Барнеби снова бросил взгляд сквозь решетку на пустой двор, затем посмотрел вслед Хью, шедшему к своей камере. Он слышал, как Хью что-то крикнул ему и захохотал, видел, как он помахал ему шляпой. Он тоже пошел в свою камеру, двигаясь, как лунатик. Войдя, лег на свою койку, прислушался к бою часов… В душе его не было ни тени страха иди печали.

Глава семьдесят седьмая

Время шло. Шум на улицах постепенно утихал, и, наконец, наступила полная тишина, которую нарушал только бой башенных часов, отмечающих шаги (менее слышные, крадущиеся, когда город спит) великого седовласого Стража, который не знает ни отдыха, ни сна.
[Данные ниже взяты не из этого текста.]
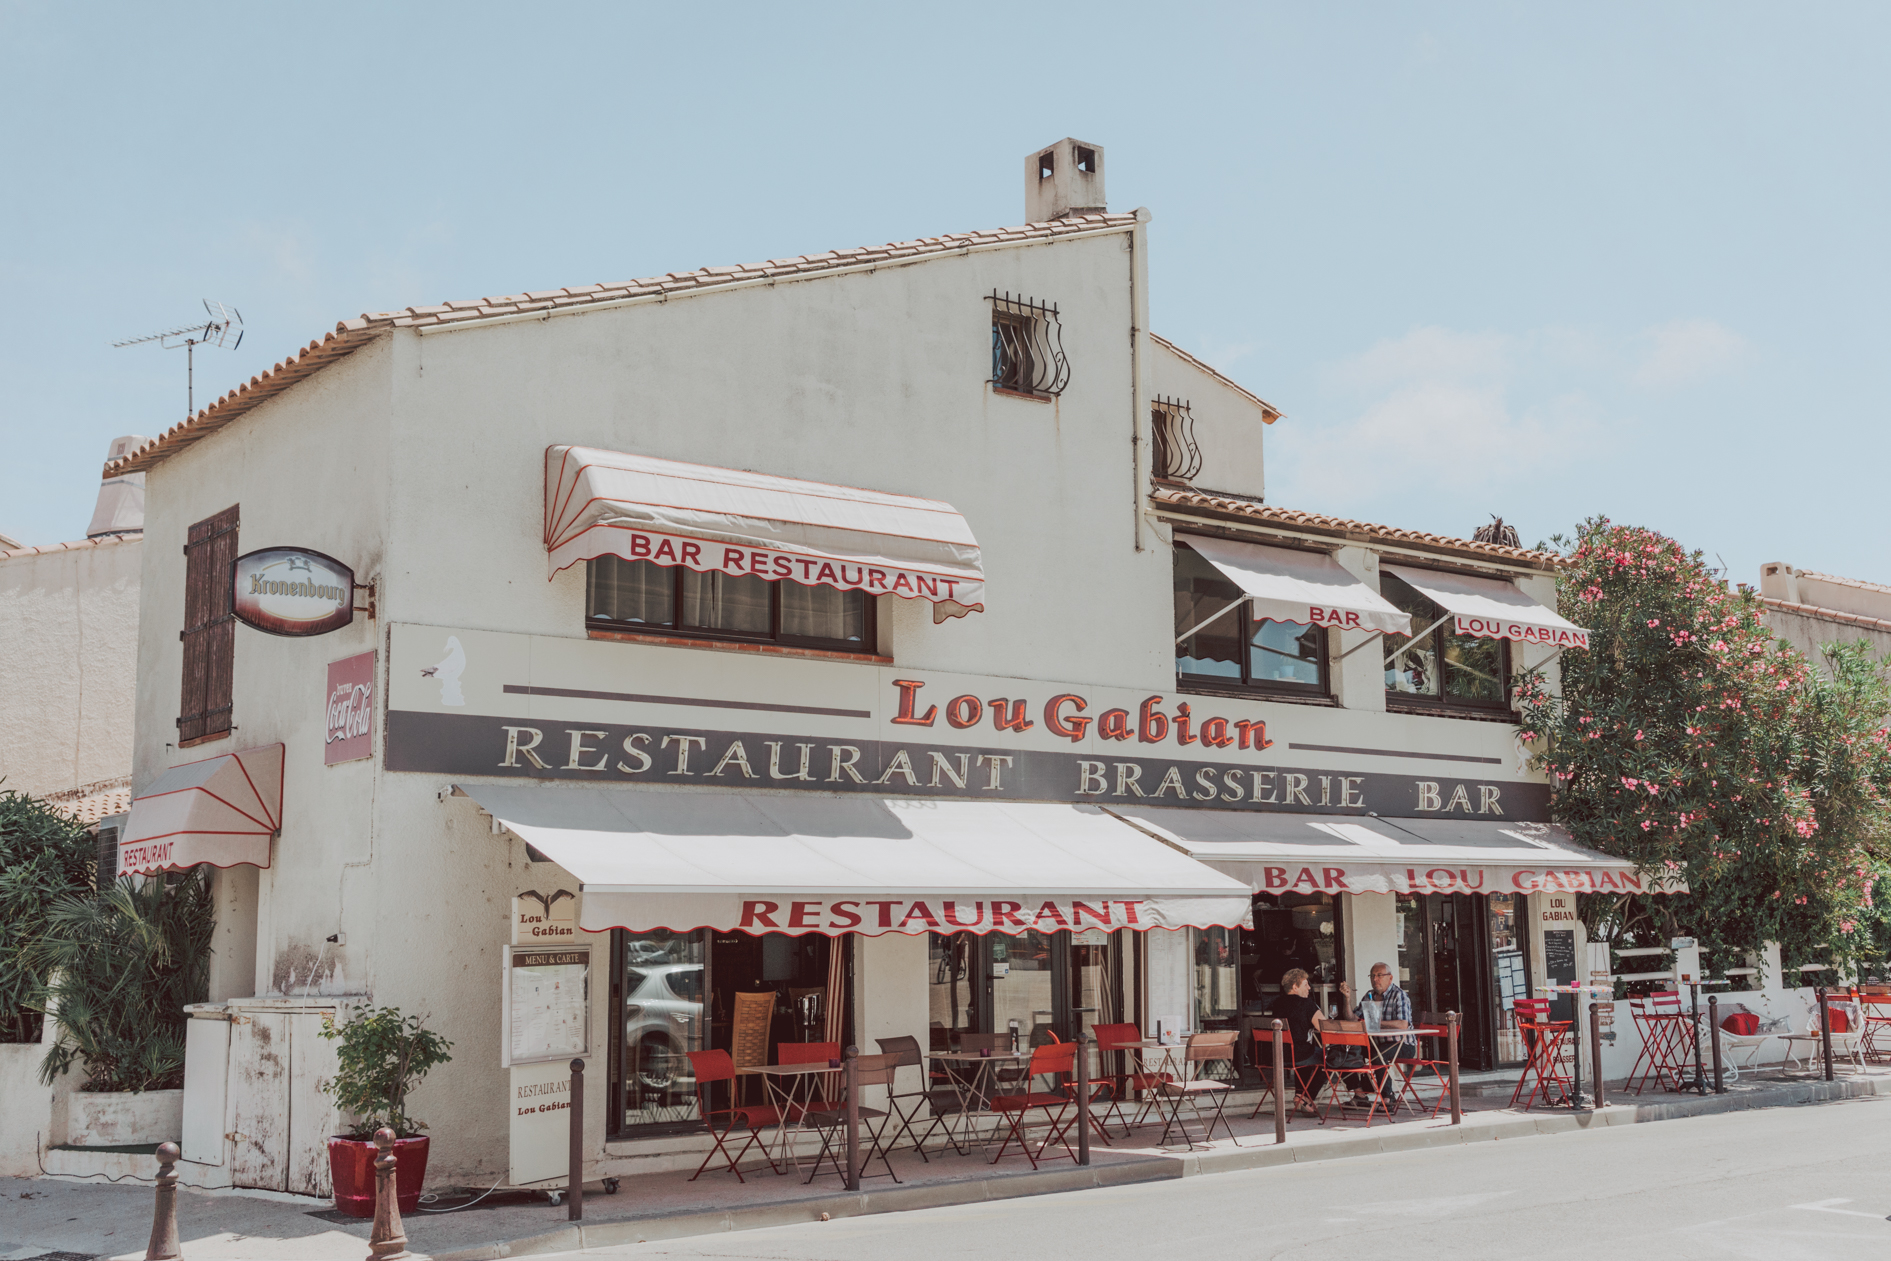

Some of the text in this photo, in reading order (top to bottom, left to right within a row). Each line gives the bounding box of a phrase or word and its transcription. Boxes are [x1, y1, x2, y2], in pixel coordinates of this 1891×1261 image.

В те несколько часов темноты и покоя, когда город отдыхает от лихорадочной дневной суеты, замирают все отзвуки кипучей деловой жизни, а проснувшиеся люди настороженно вслушиваются и со страстным нетерпением ждут рассвета.
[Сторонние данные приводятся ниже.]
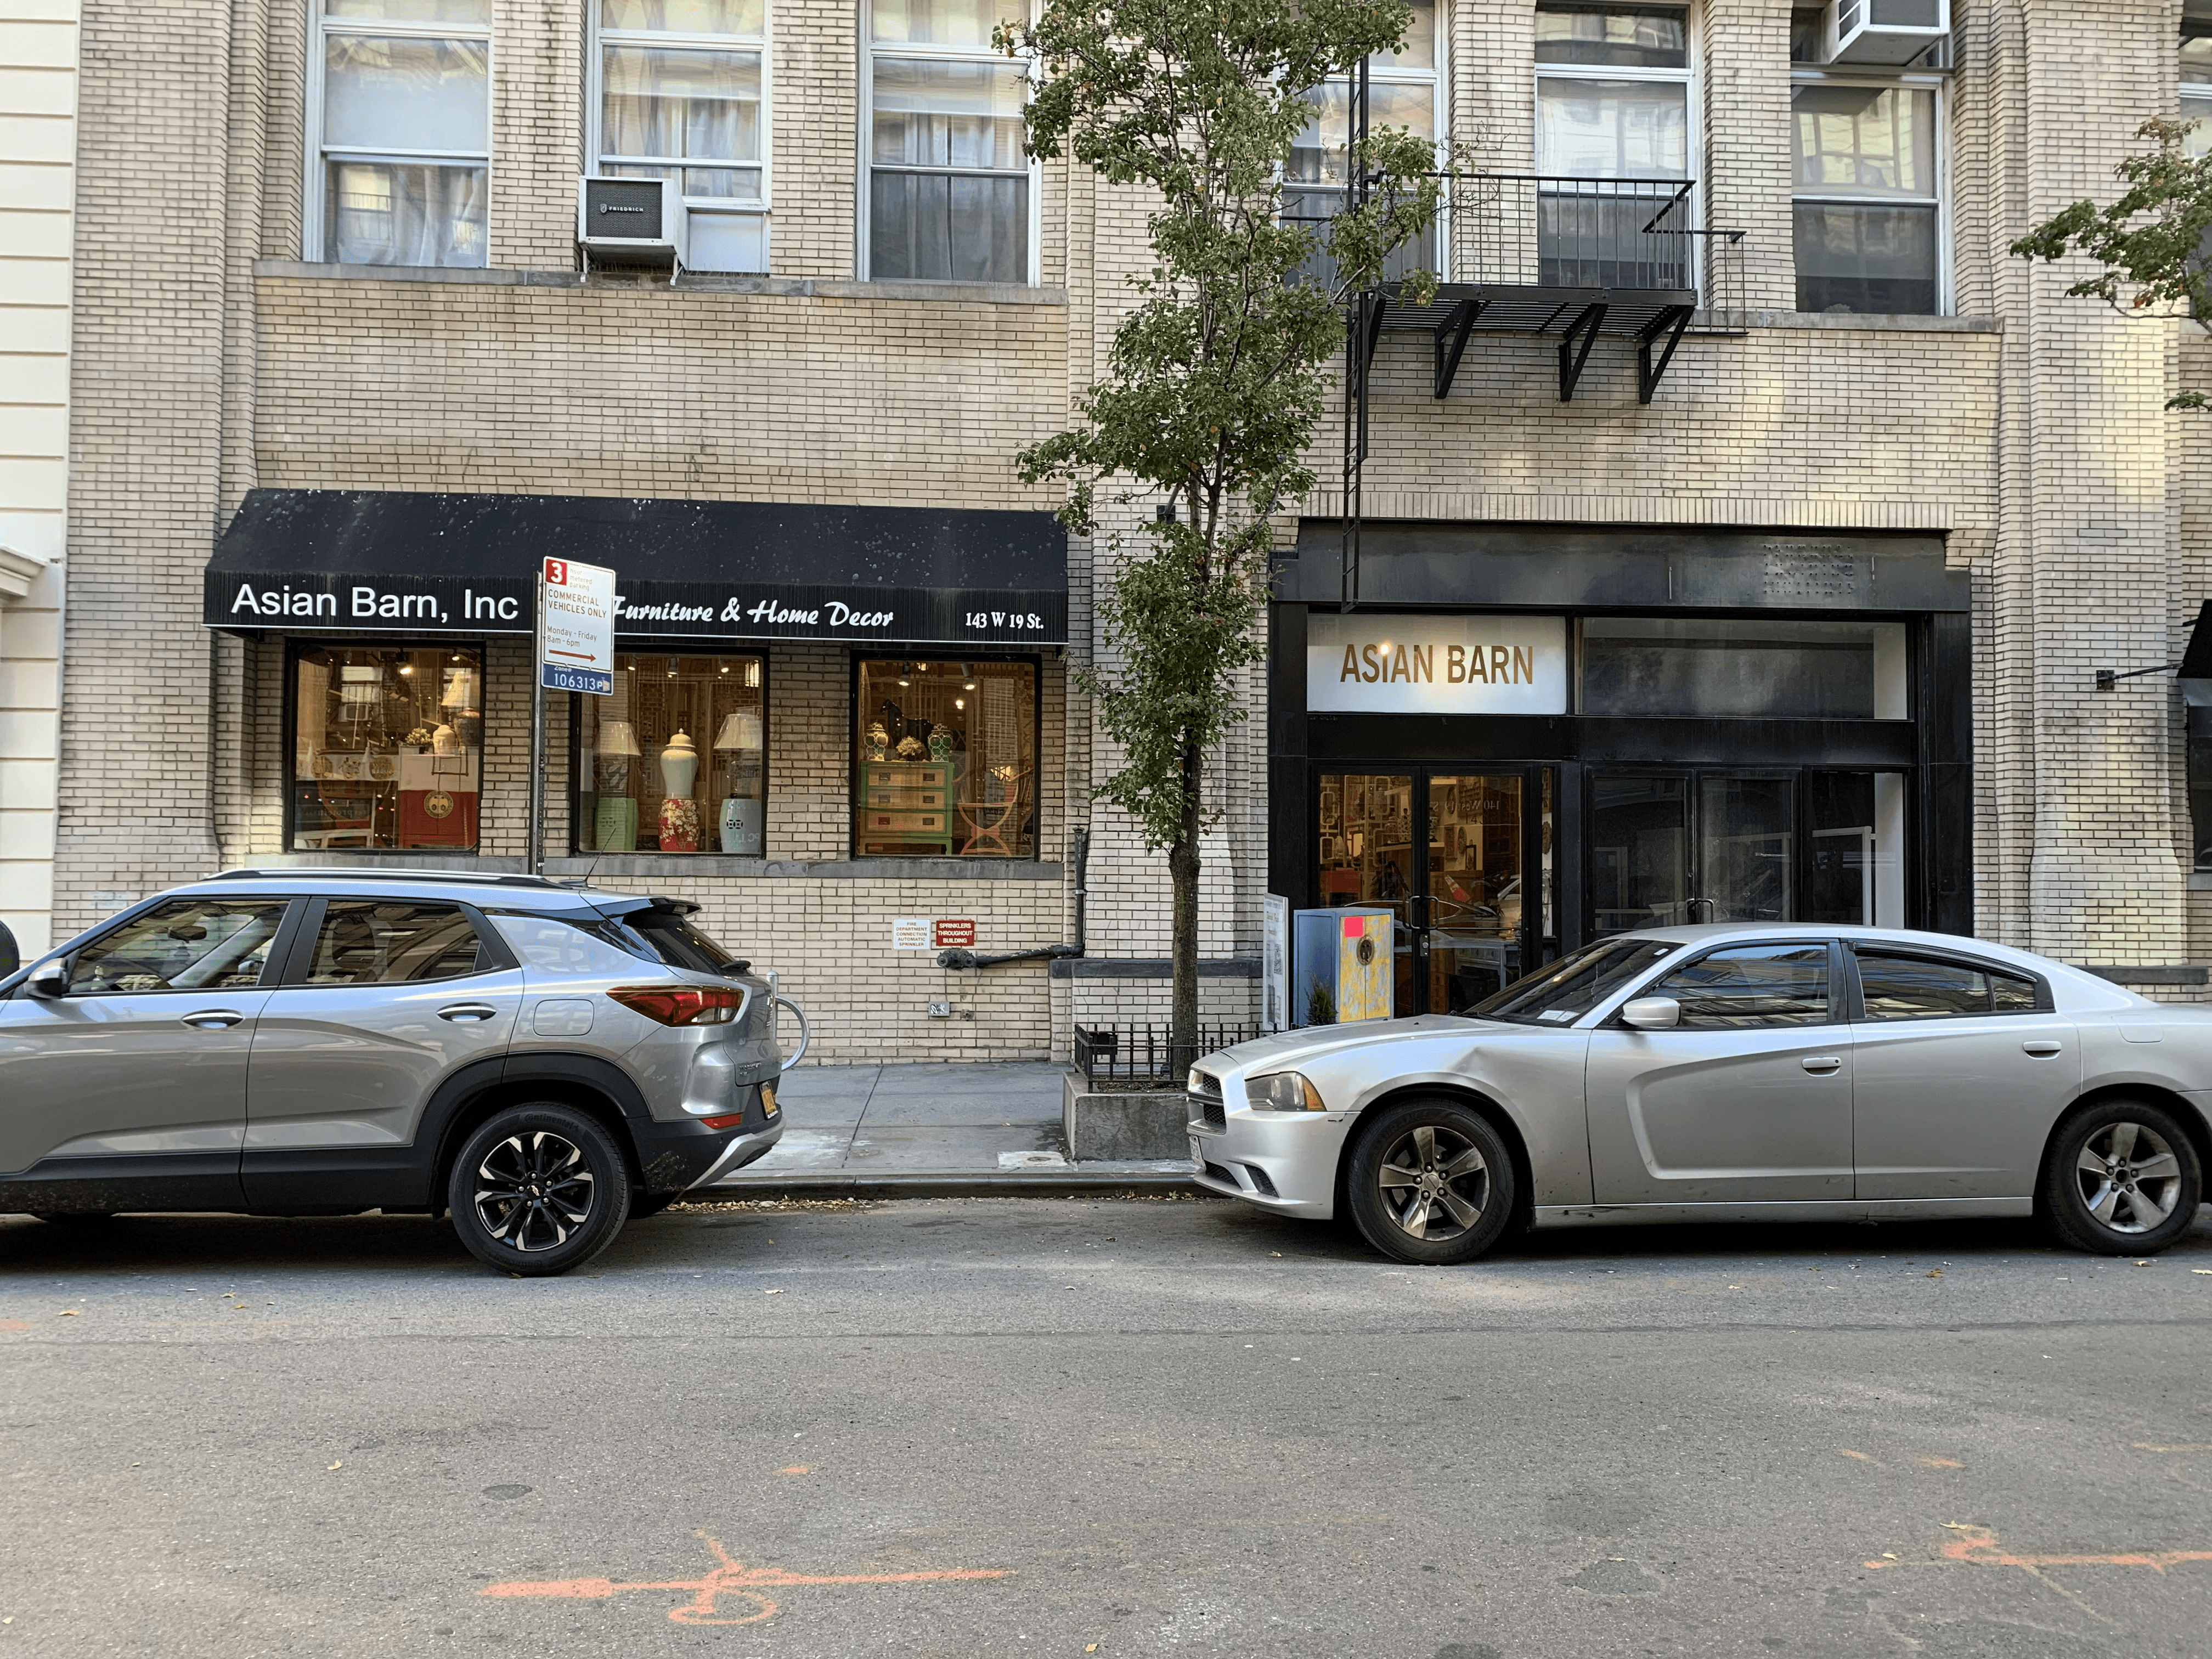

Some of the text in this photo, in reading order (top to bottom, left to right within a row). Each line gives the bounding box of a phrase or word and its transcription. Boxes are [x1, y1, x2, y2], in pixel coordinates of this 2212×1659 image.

К фасаду тюрьмы в этот торжественный ночной час стали сходиться рабочие по двое, по трое и, встречаясь среди улицы, разговаривали шепотом, бросив на мостовую свои инструменты. Вскоре из самой тюрьмы стали выходить другие, таща на плечах доски и бревна; когда все было вынесено, рабочие засуетились, и через минуту-другую глухой стук молотков нарушил тишину.

Там и сям среди работавших стояли люди с фонарями или дымными факелами, чтобы светить им; при этом неверном свете было смутно видно, как одни вынимали камни из мостовой, другие на этих местах вкапывали высокие столбы. Несколько рабочих медленно выкатили с тюремного двора грохотавшую пустую телегу, их товарищи между тем воздвигали поперек улицы крепкие барьеры. Глядя на темные фигуры всех этих усердно работавших людей, безмолвно сновавших здесь в такой необычный час, можно было вообразить, что это какие-то духи возводят в полночь призрачное сооружение, которое, как и они, исчезнет с первым проблеском дня, растает в утреннем тумане.

Было еще темно, когда стали собираться зрители, пока немногочисленные. Они приходили сюда явно с целью не упустить зрелища и намеревались остаться до конца. Даже те, кто только проходил мимо, отправляясь по своим делам,все останавливались, медлили, словно притягиваемые непобедимой силой. Между тем свист пилы и стук молотков раздавались все громче и чаще, смешиваясь с треском досок, сбрасываемых на мостовую, а временами – с голосами рабочих, окликавших друг друга. Каждые четверть часа били куранты на башне ближней церкви, и какое-то невыразимо-жуткое ощущение овладевало всеми, кто слышал этот звон.